- Location of Huntington in Sebastian County, Arkansas.
- Coordinates: 35°4′51″N 94°15′52″W﻿ / ﻿35.08083°N 94.26444°W
- Country: United States
- State: Arkansas
- County: Sebastian

Area
- • Total: 0.68 sq mi (1.75 km^{2})
- • Land: 0.67 sq mi (1.74 km^{2})
- • Water: 0 sq mi (0.00 km^{2})
- Elevation: 617 ft (188 m)

Population (2020)
- • Total: 490
- • Estimate (2025): 486
- • Density: 727.4/sq mi (280.86/km^{2})
- Time zone: UTC-6 (Central (CST))
- • Summer (DST): UTC-5 (CDT)
- ZIP code: 72940
- Area code: 479
- FIPS code: 05-33940
- GNIS feature ID: 2404745

= Huntington, Arkansas =

City in Sebastian County, Arkansas, United States

Huntington is a city in Sebastian County, Arkansas, United States. It is part of the Fort Smith, Arkansas-Oklahoma Metropolitan Statistical Area. As of the 2020 census, Huntington had a population of 490.

==History==
Huntington began as a coal mining town.
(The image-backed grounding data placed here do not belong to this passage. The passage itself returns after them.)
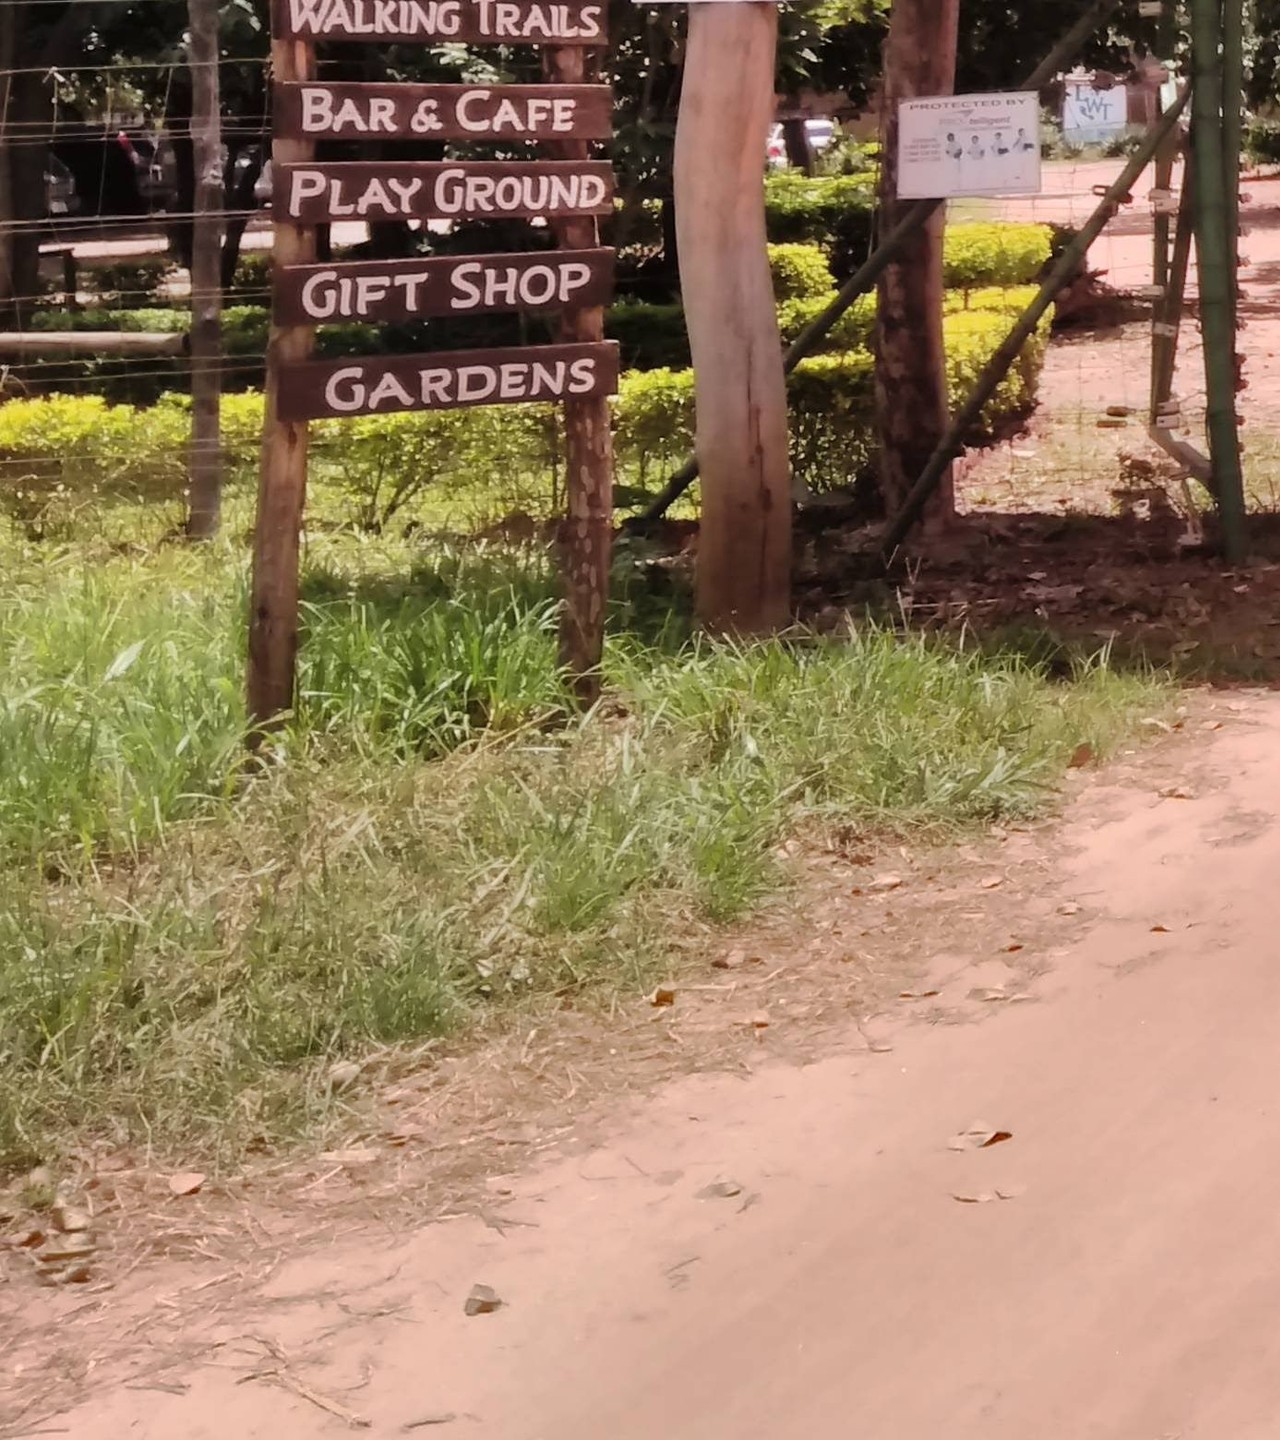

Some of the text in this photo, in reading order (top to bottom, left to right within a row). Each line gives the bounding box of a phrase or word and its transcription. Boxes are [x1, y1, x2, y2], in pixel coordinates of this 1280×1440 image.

[300, 88, 577, 134] BAR & CAFE
[909, 98, 1027, 110] PROTECTED BY
[288, 168, 606, 218] PLAY GROUND
[301, 261, 592, 319] GIFT SHOP
[324, 357, 596, 412] GARDENS
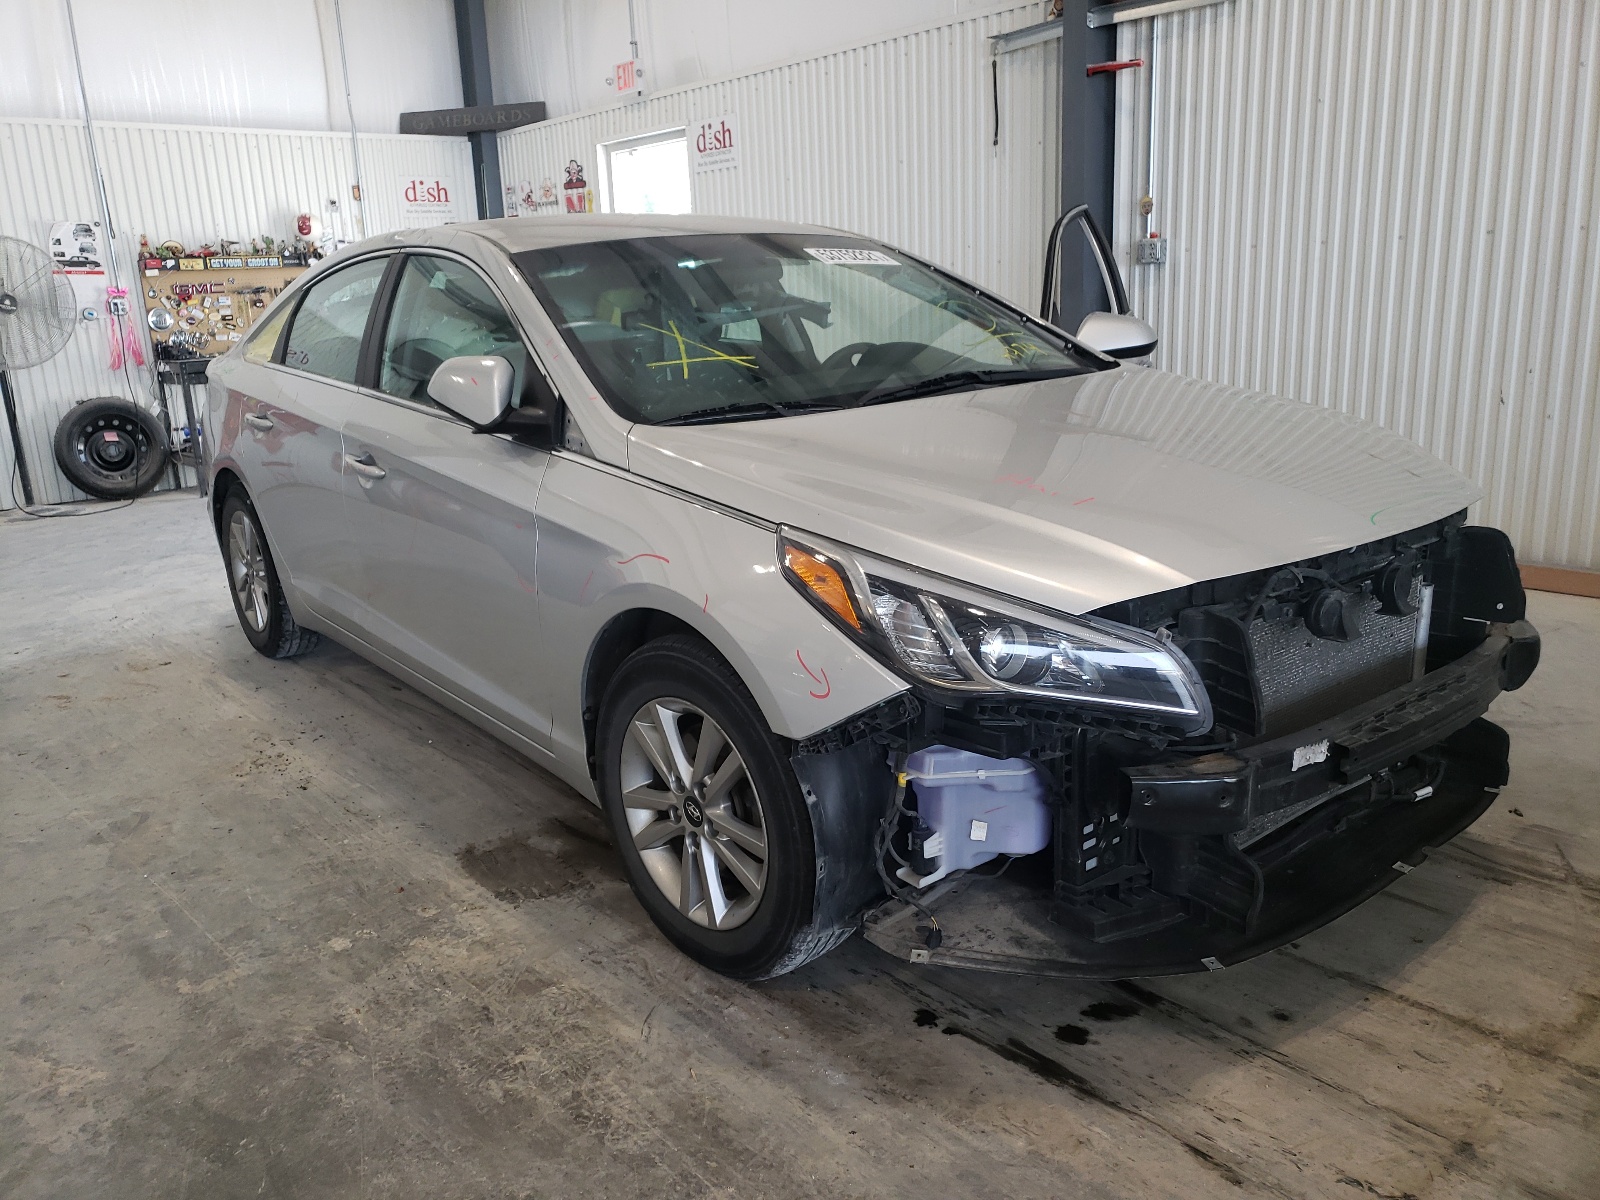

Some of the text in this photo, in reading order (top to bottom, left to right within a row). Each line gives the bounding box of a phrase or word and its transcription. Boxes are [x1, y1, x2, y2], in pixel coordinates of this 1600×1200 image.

[616, 60, 635, 91] EXIT
[412, 108, 532, 130] GAMEBOARDS
[697, 120, 734, 153] dish
[405, 180, 451, 202] dish
[210, 259, 223, 268] GET
[223, 258, 243, 267] YOUR
[269, 257, 279, 266] ON
[173, 281, 226, 295] GMC
In 1887, The Missouri, Kansas, & Texas Coal Company surveyed the site and selected it as a townsite because coal was around the site, but not directly beneath it. The town was incorporated on February 4, 1888. The town was named after J. B. Huntington, a well-liked mine superintendent, who died after his horse jumped from a bridge over Cherokee Creek.

==Geography==

According to the United States Census Bureau, the city has a total area of 0.7 sqmi, all land.

==Demographics==

As of the census of 2000, there were 688 people, 262 households, and 184 families residing in the city. The population density was 1,012.2 PD/sqmi. There were 298 housing units at an average density of 438.4 /sqmi. The racial makeup of the city was 93.60% White, 0.15% Black or African American, 0.44% Native American, 1.89% from other races, and 3.92% from two or more races. 4.36% of the population were Hispanic or Latino of any race.
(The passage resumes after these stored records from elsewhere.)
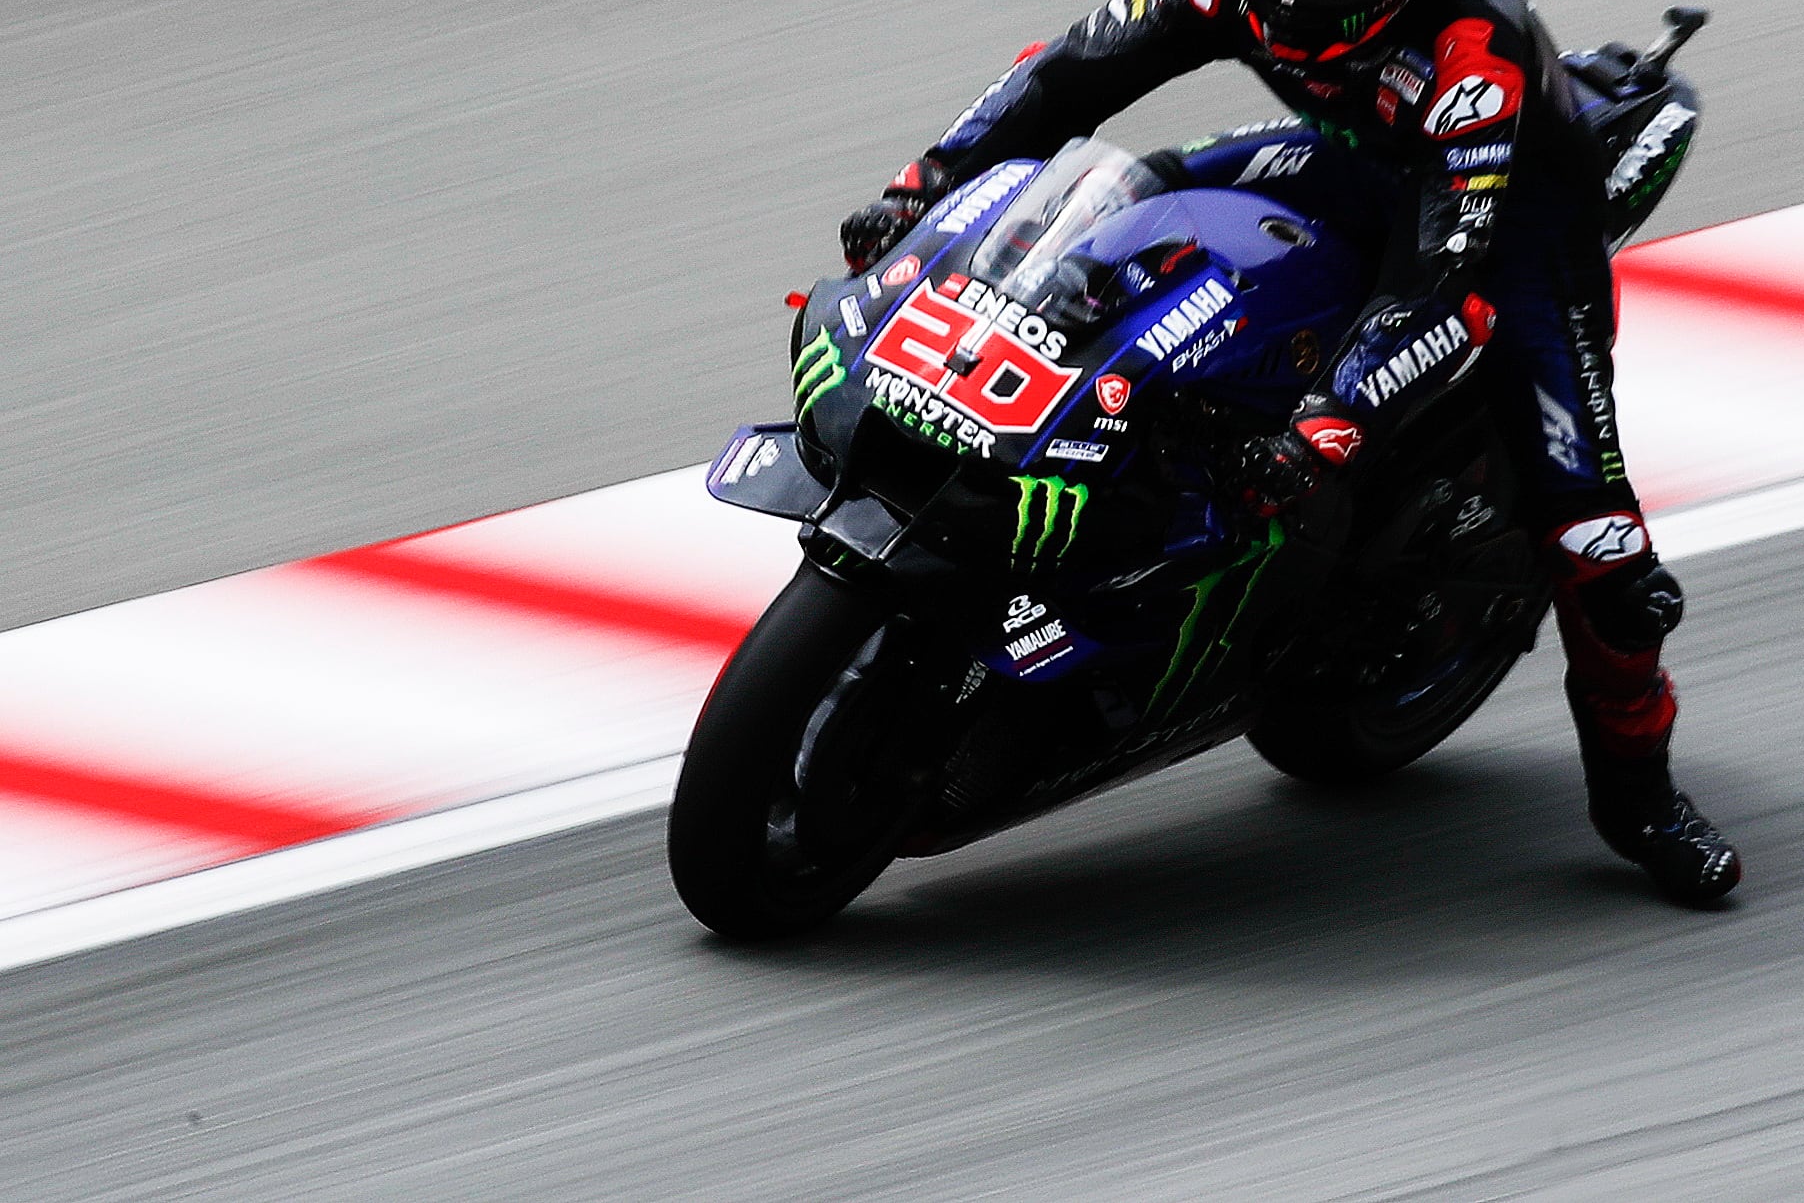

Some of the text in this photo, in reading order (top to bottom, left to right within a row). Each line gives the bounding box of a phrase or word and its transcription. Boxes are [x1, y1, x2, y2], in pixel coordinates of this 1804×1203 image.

[864, 276, 1084, 434] 20
[957, 277, 1068, 361] ENEOS
[1135, 277, 1235, 362] YAMAHA
[1171, 328, 1216, 374] BLUE
[1192, 331, 1229, 369] FAST
[1356, 314, 1470, 408] YAMAHA
[864, 366, 997, 459] MONSTER
[871, 395, 970, 456] ENERGY
[1002, 603, 1047, 635] RCB
[1004, 618, 1067, 662] YAMALUBE
There were 262 households, out of which 37.4% had children under the age of 18 living with them, 58.8% were married couples living together, 8.0% had a female householder with no husband present, and 29.4% were non-families. 26.3% of all households were made up of individuals, and 13.0% had someone living alone who was 65 years of age or older. The average household size was 2.63 and the average family size was 3.19.

In the city, the population was spread out, with 28.3% under the age of 18, 7.7% from 18 to 24, 28.9% from 25 to 44, 22.7% from 45 to 64, and 12.4% who were 65 years of age or older. The median age was 35 years. For every 100 females, there were 96.6 males. For every 100 females age 18 and over, there were 94.9 males.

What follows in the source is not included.